+++ ENTRIES PROVIDED

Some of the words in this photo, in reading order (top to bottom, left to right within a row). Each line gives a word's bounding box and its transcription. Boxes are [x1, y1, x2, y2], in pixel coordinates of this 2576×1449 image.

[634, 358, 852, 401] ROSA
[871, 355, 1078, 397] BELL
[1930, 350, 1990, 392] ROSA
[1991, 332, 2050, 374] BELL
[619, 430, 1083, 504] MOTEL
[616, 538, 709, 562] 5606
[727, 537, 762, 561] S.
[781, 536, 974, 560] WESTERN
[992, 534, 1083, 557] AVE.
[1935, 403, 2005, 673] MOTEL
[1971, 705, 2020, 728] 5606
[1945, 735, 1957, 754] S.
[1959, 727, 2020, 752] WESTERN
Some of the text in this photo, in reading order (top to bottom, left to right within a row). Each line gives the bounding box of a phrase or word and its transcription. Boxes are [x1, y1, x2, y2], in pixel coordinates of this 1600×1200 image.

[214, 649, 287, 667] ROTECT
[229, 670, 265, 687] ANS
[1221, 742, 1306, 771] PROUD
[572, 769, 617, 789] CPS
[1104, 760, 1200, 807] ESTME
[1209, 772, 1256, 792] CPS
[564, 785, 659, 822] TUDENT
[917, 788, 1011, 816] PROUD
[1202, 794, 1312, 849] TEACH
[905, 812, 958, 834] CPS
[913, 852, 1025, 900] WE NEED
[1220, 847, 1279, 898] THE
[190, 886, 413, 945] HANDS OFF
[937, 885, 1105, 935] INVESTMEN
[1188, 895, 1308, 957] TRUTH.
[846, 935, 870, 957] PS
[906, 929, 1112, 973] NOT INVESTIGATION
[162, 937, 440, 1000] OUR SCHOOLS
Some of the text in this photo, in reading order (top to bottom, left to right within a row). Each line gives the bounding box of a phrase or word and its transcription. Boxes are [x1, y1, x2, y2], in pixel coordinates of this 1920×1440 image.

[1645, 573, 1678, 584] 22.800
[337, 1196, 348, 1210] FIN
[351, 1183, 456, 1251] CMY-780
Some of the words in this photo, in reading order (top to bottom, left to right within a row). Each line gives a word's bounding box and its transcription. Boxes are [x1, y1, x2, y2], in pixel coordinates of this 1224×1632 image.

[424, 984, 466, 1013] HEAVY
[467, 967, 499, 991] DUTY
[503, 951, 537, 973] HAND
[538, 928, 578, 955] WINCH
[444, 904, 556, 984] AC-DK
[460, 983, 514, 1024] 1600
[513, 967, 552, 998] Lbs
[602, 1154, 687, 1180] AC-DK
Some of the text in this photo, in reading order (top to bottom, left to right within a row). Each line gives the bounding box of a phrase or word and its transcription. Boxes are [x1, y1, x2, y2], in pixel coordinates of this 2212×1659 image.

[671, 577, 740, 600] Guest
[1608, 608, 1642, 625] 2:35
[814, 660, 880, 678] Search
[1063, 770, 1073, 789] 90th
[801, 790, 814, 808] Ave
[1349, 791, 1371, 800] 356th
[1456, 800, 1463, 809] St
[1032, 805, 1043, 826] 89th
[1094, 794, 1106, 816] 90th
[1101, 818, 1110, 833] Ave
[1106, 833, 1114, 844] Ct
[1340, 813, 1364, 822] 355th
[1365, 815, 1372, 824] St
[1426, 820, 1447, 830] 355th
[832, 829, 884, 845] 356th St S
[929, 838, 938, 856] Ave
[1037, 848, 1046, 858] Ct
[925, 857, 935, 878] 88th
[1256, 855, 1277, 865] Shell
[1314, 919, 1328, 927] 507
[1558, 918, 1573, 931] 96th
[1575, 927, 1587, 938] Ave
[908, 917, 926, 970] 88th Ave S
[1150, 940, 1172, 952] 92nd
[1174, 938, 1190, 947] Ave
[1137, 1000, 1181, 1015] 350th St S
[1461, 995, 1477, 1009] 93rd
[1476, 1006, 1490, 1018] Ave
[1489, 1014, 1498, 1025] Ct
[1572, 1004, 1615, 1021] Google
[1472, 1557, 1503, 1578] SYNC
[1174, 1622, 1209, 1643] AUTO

++++++

- WHAT TO DO
Retype the material precisely, leaving out no line.

- TASK ANSWER
Some of the words in this photo, in reading order (top to bottom, left to right within a row). Each line gives a word's bounding box and its transcription. Boxes are [x1, y1, x2, y2], in pixel coordinates of this 2576×1449 image.

[634, 358, 852, 401] ROSA
[871, 355, 1078, 397] BELL
[1930, 350, 1990, 392] ROSA
[1991, 332, 2050, 374] BELL
[619, 430, 1083, 504] MOTEL
[616, 538, 709, 562] 5606
[727, 537, 762, 561] S.
[781, 536, 974, 560] WESTERN
[992, 534, 1083, 557] AVE.
[1935, 403, 2005, 673] MOTEL
[1971, 705, 2020, 728] 5606
[1945, 735, 1957, 754] S.
[1959, 727, 2020, 752] WESTERN
Some of the text in this photo, in reading order (top to bottom, left to right within a row). Each line gives the bounding box of a phrase or word and its transcription. Boxes are [x1, y1, x2, y2], in pixel coordinates of this 1600×1200 image.

[214, 649, 287, 667] ROTECT
[229, 670, 265, 687] ANS
[1221, 742, 1306, 771] PROUD
[572, 769, 617, 789] CPS
[1104, 760, 1200, 807] ESTME
[1209, 772, 1256, 792] CPS
[564, 785, 659, 822] TUDENT
[917, 788, 1011, 816] PROUD
[1202, 794, 1312, 849] TEACH
[905, 812, 958, 834] CPS
[913, 852, 1025, 900] WE NEED
[1220, 847, 1279, 898] THE
[190, 886, 413, 945] HANDS OFF
[937, 885, 1105, 935] INVESTMEN
[1188, 895, 1308, 957] TRUTH.
[846, 935, 870, 957] PS
[906, 929, 1112, 973] NOT INVESTIGATION
[162, 937, 440, 1000] OUR SCHOOLS
Some of the text in this photo, in reading order (top to bottom, left to right within a row). Each line gives the bounding box of a phrase or word and its transcription. Boxes are [x1, y1, x2, y2], in pixel coordinates of this 1920×1440 image.

[1645, 573, 1678, 584] 22.800
[337, 1196, 348, 1210] FIN
[351, 1183, 456, 1251] CMY-780
Some of the words in this photo, in reading order (top to bottom, left to right within a row). Each line gives a word's bounding box and its transcription. Boxes are [x1, y1, x2, y2], in pixel coordinates of this 1224×1632 image.

[424, 984, 466, 1013] HEAVY
[467, 967, 499, 991] DUTY
[503, 951, 537, 973] HAND
[538, 928, 578, 955] WINCH
[444, 904, 556, 984] AC-DK
[460, 983, 514, 1024] 1600
[513, 967, 552, 998] Lbs
[602, 1154, 687, 1180] AC-DK
Some of the text in this photo, in reading order (top to bottom, left to right within a row). Each line gives the bounding box of a phrase or word and its transcription. Boxes are [x1, y1, x2, y2], in pixel coordinates of this 2212×1659 image.

[671, 577, 740, 600] Guest
[1608, 608, 1642, 625] 2:35
[814, 660, 880, 678] Search
[1063, 770, 1073, 789] 90th
[801, 790, 814, 808] Ave
[1349, 791, 1371, 800] 356th
[1456, 800, 1463, 809] St
[1032, 805, 1043, 826] 89th
[1094, 794, 1106, 816] 90th
[1101, 818, 1110, 833] Ave
[1106, 833, 1114, 844] Ct
[1340, 813, 1364, 822] 355th
[1365, 815, 1372, 824] St
[1426, 820, 1447, 830] 355th
[832, 829, 884, 845] 356th St S
[929, 838, 938, 856] Ave
[1037, 848, 1046, 858] Ct
[925, 857, 935, 878] 88th
[1256, 855, 1277, 865] Shell
[1314, 919, 1328, 927] 507
[1558, 918, 1573, 931] 96th
[1575, 927, 1587, 938] Ave
[908, 917, 926, 970] 88th Ave S
[1150, 940, 1172, 952] 92nd
[1174, 938, 1190, 947] Ave
[1137, 1000, 1181, 1015] 350th St S
[1461, 995, 1477, 1009] 93rd
[1476, 1006, 1490, 1018] Ave
[1489, 1014, 1498, 1025] Ct
[1572, 1004, 1615, 1021] Google
[1472, 1557, 1503, 1578] SYNC
[1174, 1622, 1209, 1643] AUTO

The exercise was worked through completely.